Bird flu thwarts South Korean duck farm

20-01-2014 | | |
Culling stepped up in South Korean bird flu outbreak
Culling stepped up in South Korean bird flu outbreak

Over 21,000 breeding ducks have been culled in South Korea’s first outbreak of bird flu in three years.

The ducks on a poultry farm in Gochang in North Jeolla Province, 300 kilometres southwest of Seoul, were culled after avian influenza was found there, the agriculture ministry said.

The Ministry of Agriculture, Food and Rural Affairs said in a statement that it suspects a flock of migratory birds found dead last week brought the latest outbreak of the H5N8 strain of bird flu, a strain first identified in a 2010 case reported in China and is similar to the H5N1 type.
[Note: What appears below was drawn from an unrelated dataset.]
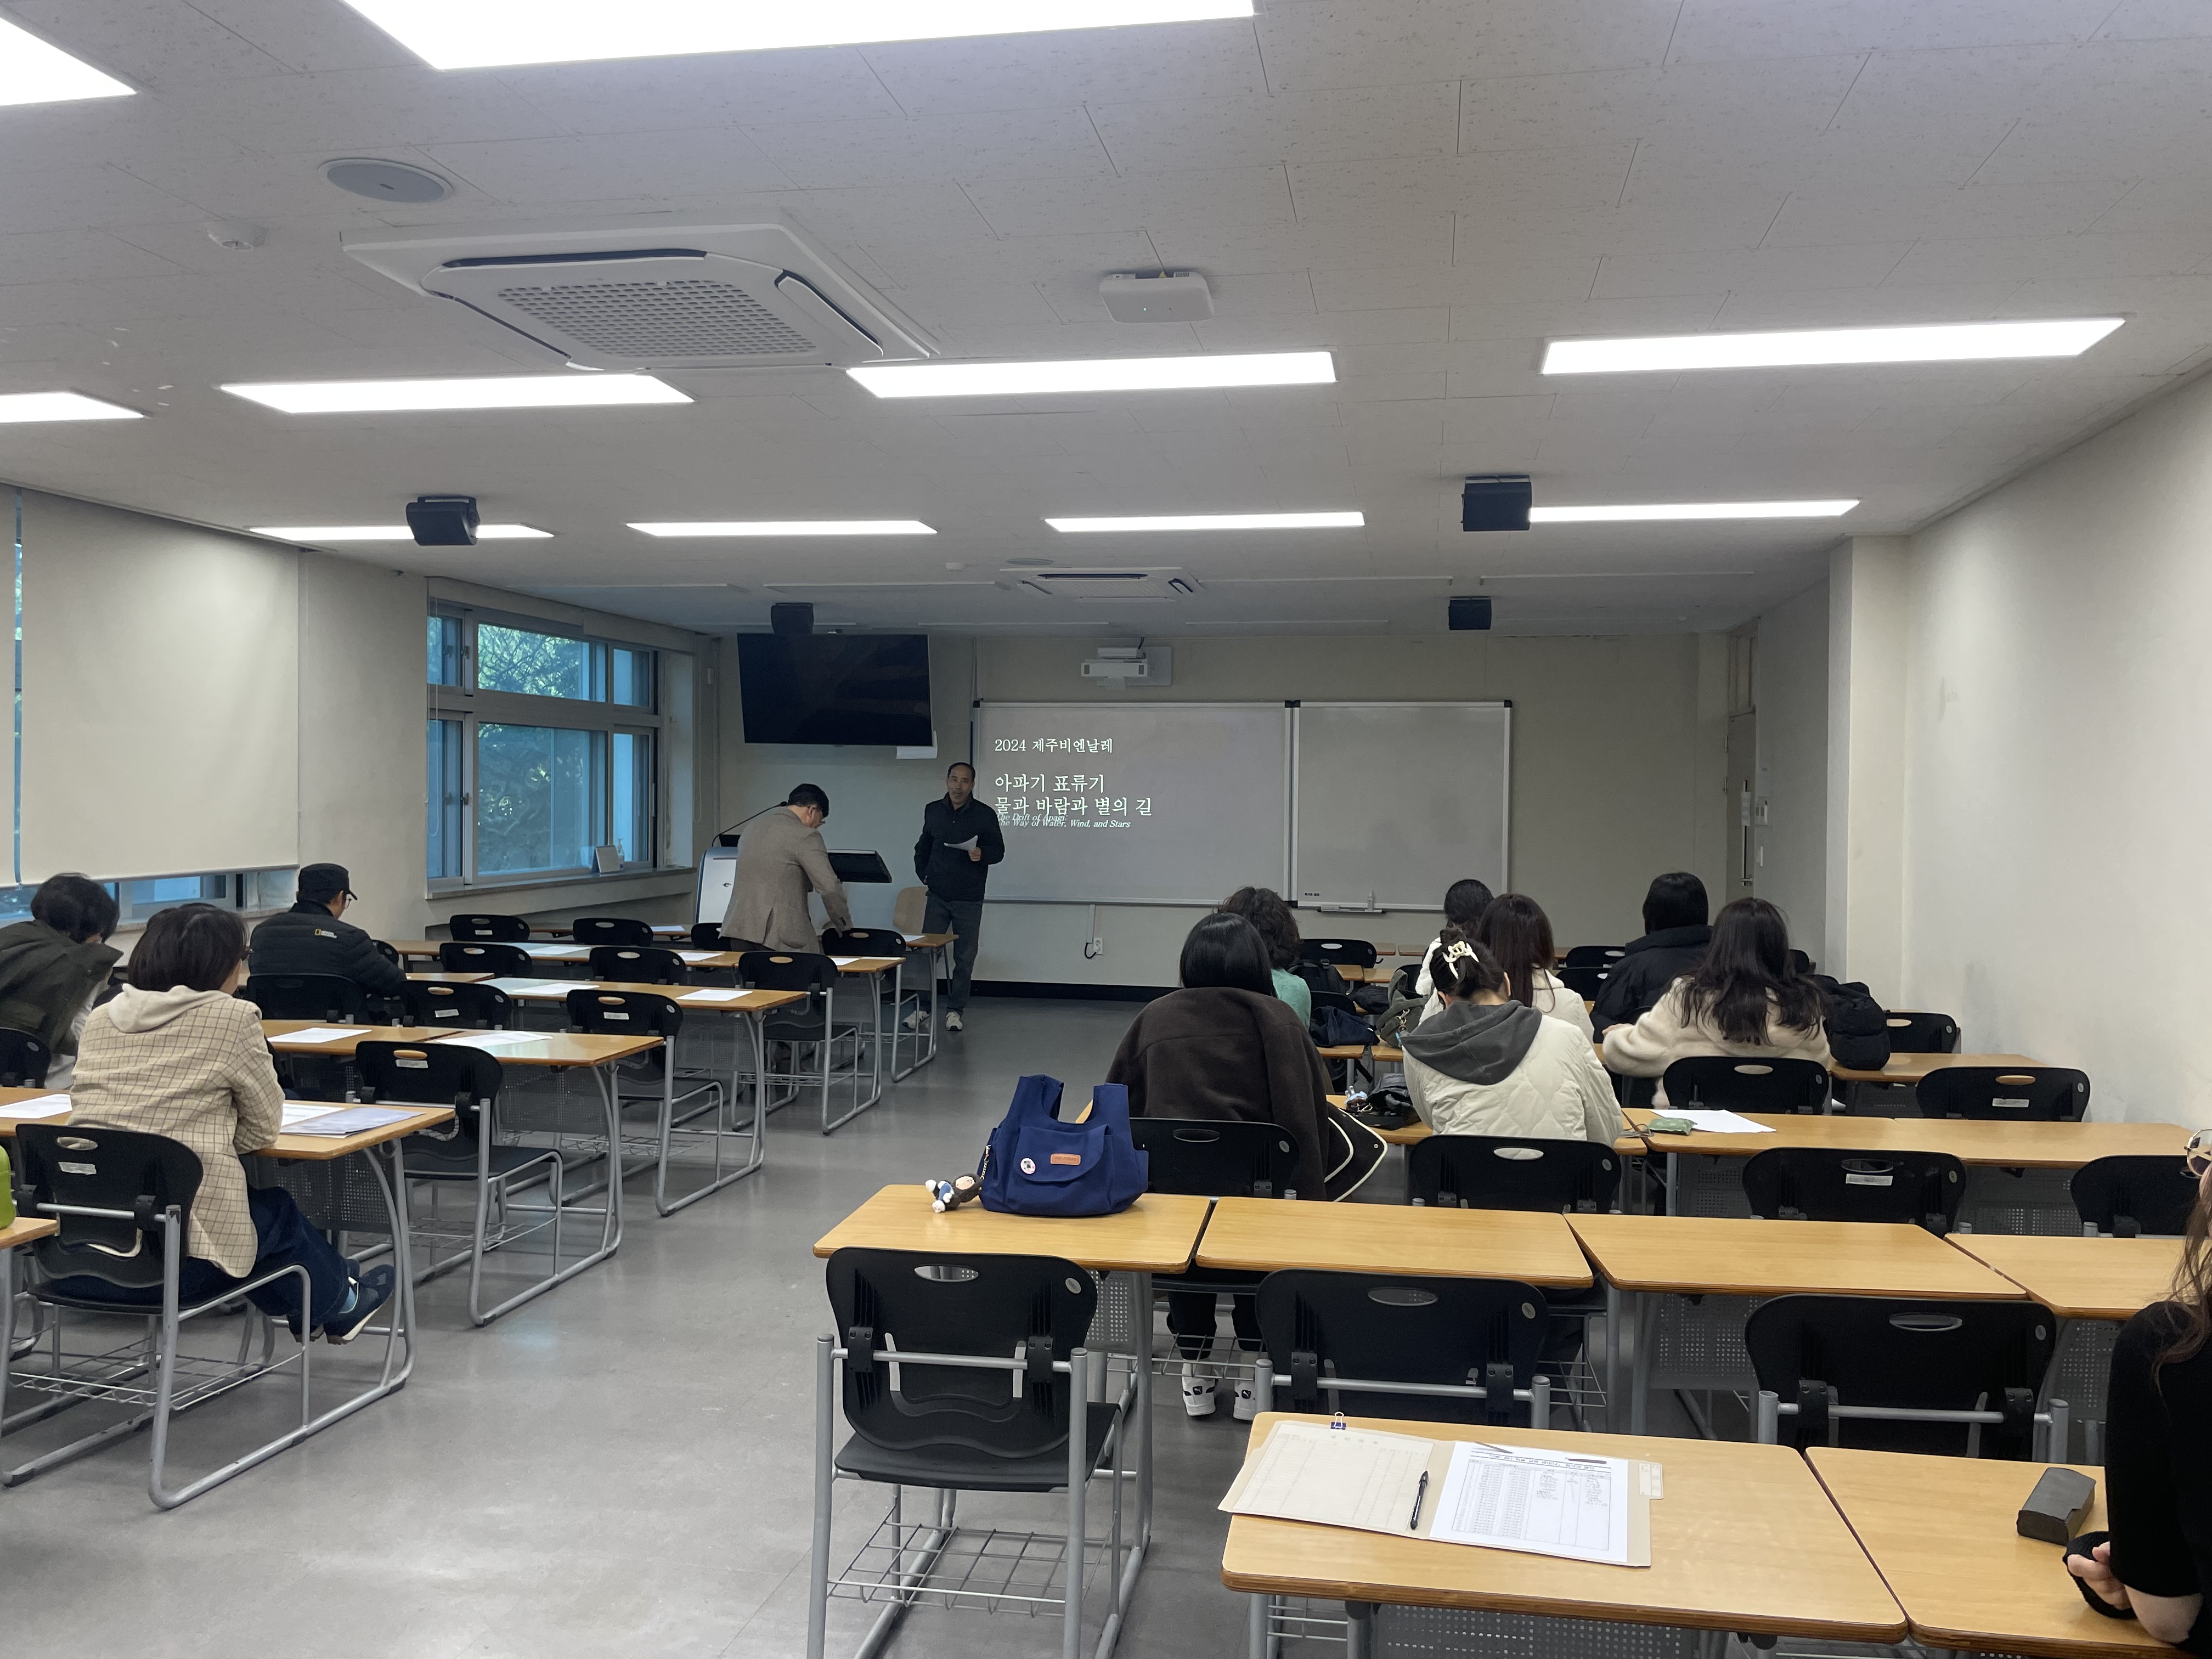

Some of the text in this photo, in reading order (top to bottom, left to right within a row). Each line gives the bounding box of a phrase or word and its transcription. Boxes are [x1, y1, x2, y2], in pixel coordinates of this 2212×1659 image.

Authorities are now enforcing strict quarantine measures to stop the outbreak from spreading. The culling of 60,000 ducks at nearby farms has begun and a probe into the deaths of the 1,000 migratory birds in a reservoir in Gochang has been opened, the ministry added. Quarantine measures have also been enforced at 24 other farms in four different provinces that were known to have purchased ducks from the Gochang farm.

The last outbreak in South Korea occurred in 2011, when more than six million poultry were culled at more than 280 farms across the country.